* WHAT THIS TASK INVOLVES
Please transcribe every record below exactly as written.

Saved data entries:
Content starts
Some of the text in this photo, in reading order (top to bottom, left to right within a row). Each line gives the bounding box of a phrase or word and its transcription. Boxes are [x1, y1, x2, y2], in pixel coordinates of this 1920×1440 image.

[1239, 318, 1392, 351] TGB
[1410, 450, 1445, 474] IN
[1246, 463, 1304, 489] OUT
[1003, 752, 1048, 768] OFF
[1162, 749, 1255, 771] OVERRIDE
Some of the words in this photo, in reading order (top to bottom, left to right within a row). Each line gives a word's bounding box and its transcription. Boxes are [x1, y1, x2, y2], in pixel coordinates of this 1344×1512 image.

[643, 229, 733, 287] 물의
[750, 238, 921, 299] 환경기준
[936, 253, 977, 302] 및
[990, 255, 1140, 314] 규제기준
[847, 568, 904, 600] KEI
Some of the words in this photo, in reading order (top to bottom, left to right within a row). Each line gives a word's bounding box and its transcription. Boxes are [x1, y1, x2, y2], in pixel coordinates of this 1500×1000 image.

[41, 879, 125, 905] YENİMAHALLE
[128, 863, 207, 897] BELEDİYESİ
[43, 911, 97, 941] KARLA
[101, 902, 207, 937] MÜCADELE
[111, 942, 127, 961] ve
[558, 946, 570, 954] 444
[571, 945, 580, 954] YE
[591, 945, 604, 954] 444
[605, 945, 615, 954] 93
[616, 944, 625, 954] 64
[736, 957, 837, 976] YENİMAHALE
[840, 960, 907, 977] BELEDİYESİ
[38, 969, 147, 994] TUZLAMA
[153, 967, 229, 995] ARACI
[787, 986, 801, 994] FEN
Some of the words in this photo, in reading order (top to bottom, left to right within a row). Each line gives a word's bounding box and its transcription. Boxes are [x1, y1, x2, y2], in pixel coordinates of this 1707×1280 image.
Content ends
* EXERCISE ANSWER
Some of the text in this photo, in reading order (top to bottom, left to right within a row). Each line gives the bounding box of a phrase or word and its transcription. Boxes are [x1, y1, x2, y2], in pixel coordinates of this 1920×1440 image.

[1239, 318, 1392, 351] TGB
[1410, 450, 1445, 474] IN
[1246, 463, 1304, 489] OUT
[1003, 752, 1048, 768] OFF
[1162, 749, 1255, 771] OVERRIDE
Some of the words in this photo, in reading order (top to bottom, left to right within a row). Each line gives a word's bounding box and its transcription. Boxes are [x1, y1, x2, y2], in pixel coordinates of this 1344×1512 image.

[643, 229, 733, 287] 물의
[750, 238, 921, 299] 환경기준
[936, 253, 977, 302] 및
[990, 255, 1140, 314] 규제기준
[847, 568, 904, 600] KEI
Some of the words in this photo, in reading order (top to bottom, left to right within a row). Each line gives a word's bounding box and its transcription. Boxes are [x1, y1, x2, y2], in pixel coordinates of this 1500×1000 image.

[41, 879, 125, 905] YENİMAHALLE
[128, 863, 207, 897] BELEDİYESİ
[43, 911, 97, 941] KARLA
[101, 902, 207, 937] MÜCADELE
[111, 942, 127, 961] ve
[558, 946, 570, 954] 444
[571, 945, 580, 954] YE
[591, 945, 604, 954] 444
[605, 945, 615, 954] 93
[616, 944, 625, 954] 64
[736, 957, 837, 976] YENİMAHALE
[840, 960, 907, 977] BELEDİYESİ
[38, 969, 147, 994] TUZLAMA
[153, 967, 229, 995] ARACI
[787, 986, 801, 994] FEN
Some of the words in this photo, in reading order (top to bottom, left to right within a row). Each line gives a word's bounding box and its transcription. Boxes are [x1, y1, x2, y2], in pixel coordinates of this 1707×1280 image.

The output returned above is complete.